_Work task_
Without any images, output the records below verbatim.

=== Exercise materials ===

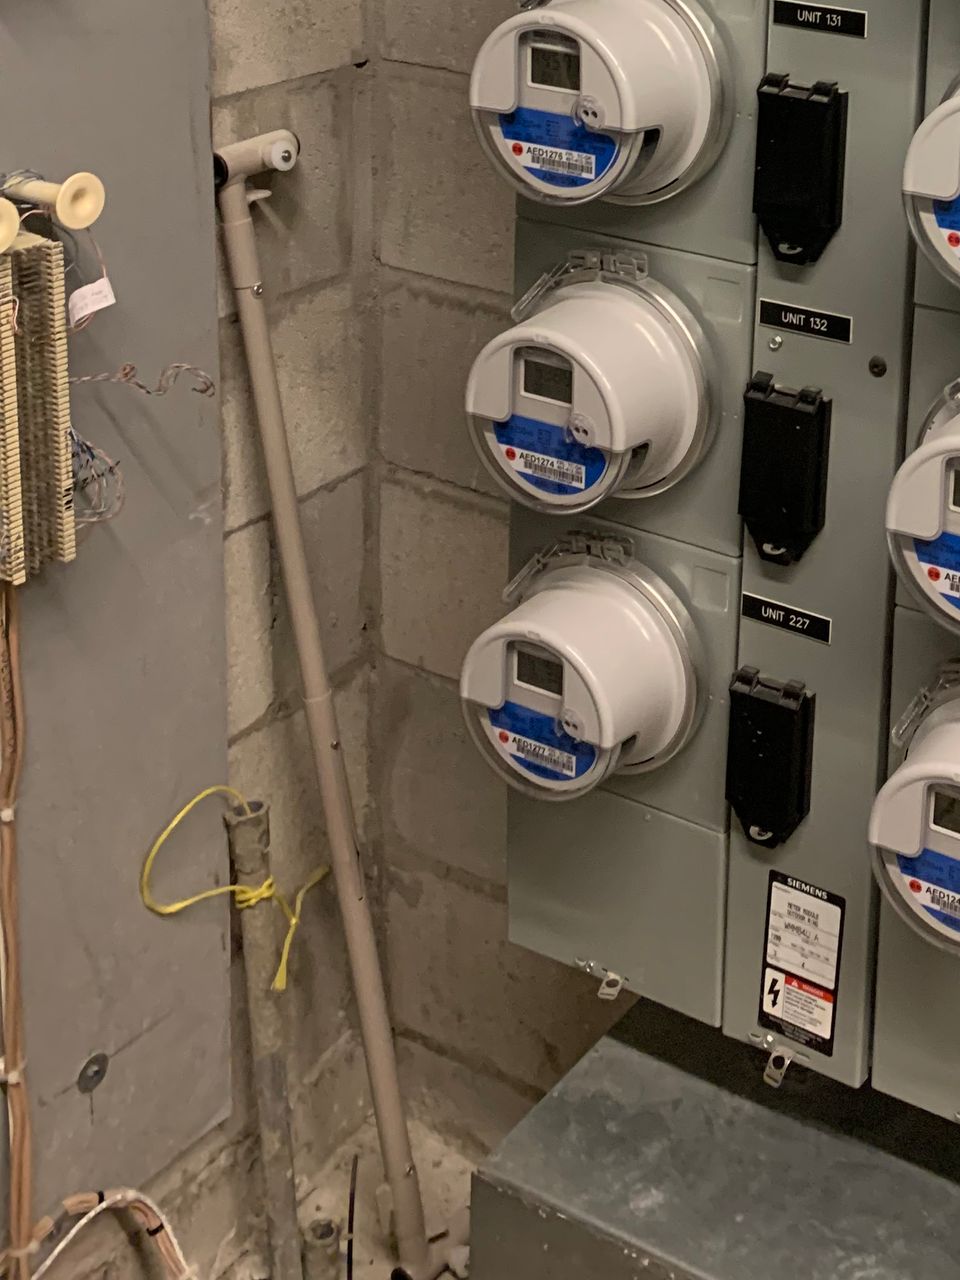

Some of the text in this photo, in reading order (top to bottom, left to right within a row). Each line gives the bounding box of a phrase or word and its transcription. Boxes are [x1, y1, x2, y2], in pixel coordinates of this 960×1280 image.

[798, 10, 842, 26] UNIT 131
[781, 310, 828, 331] UNIT 132
[519, 451, 555, 468] AED1274
[762, 606, 810, 630] UNIT 227
[512, 737, 546, 754] AED1277
[787, 877, 828, 900] SIEMENS
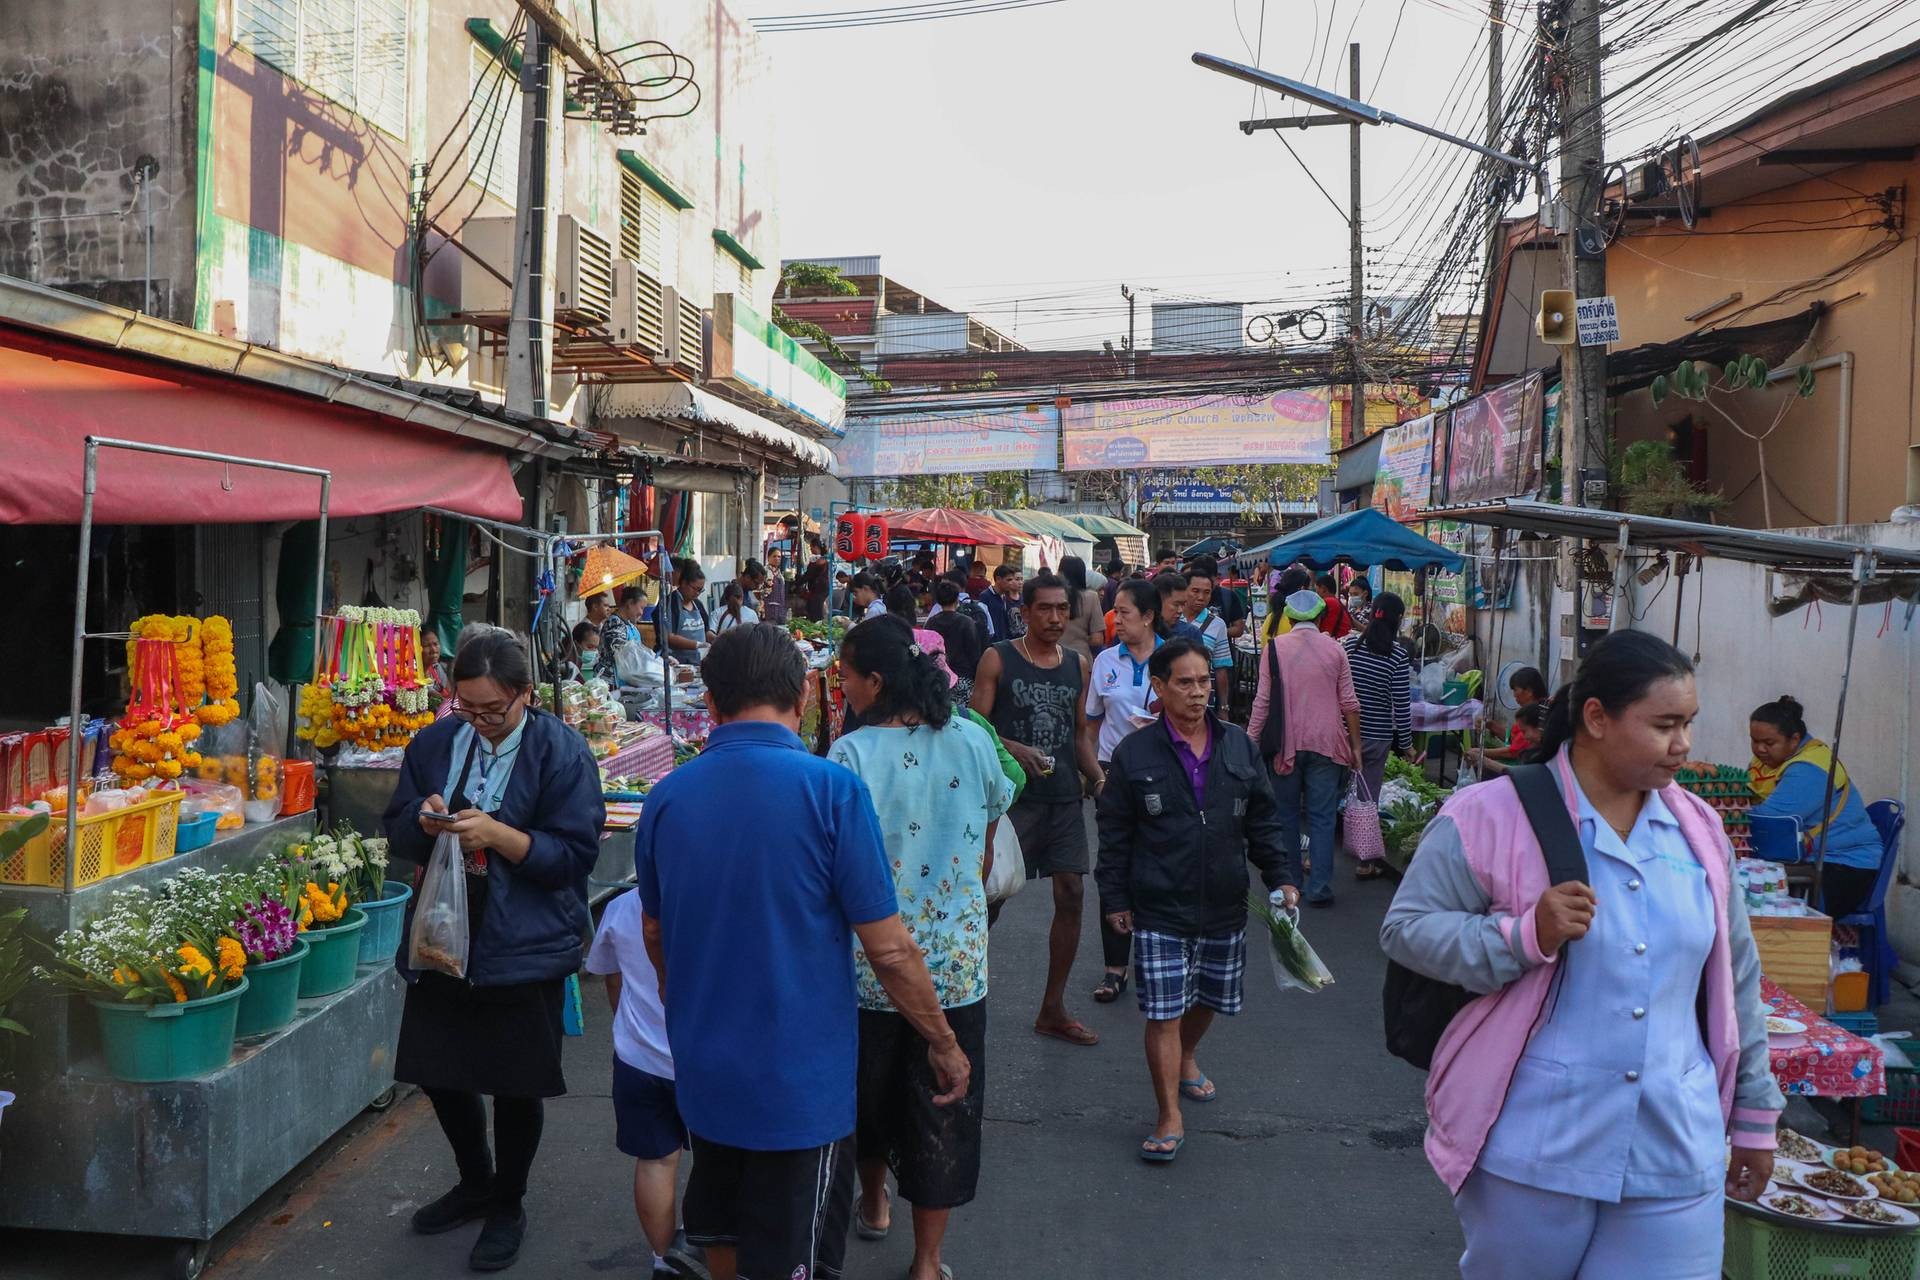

===

_Exercise solution_
Some of the text in this photo, in reading order (top to bottom, left to right within a row). Each line gives the bounding box of a phrase or word and its transcription. Boxes are [x1, y1, x2, y2], in pixel coordinates of this 960×1280 image.

[798, 10, 842, 26] UNIT 131
[781, 310, 828, 331] UNIT 132
[519, 451, 555, 468] AED1274
[762, 606, 810, 630] UNIT 227
[512, 737, 546, 754] AED1277
[787, 877, 828, 900] SIEMENS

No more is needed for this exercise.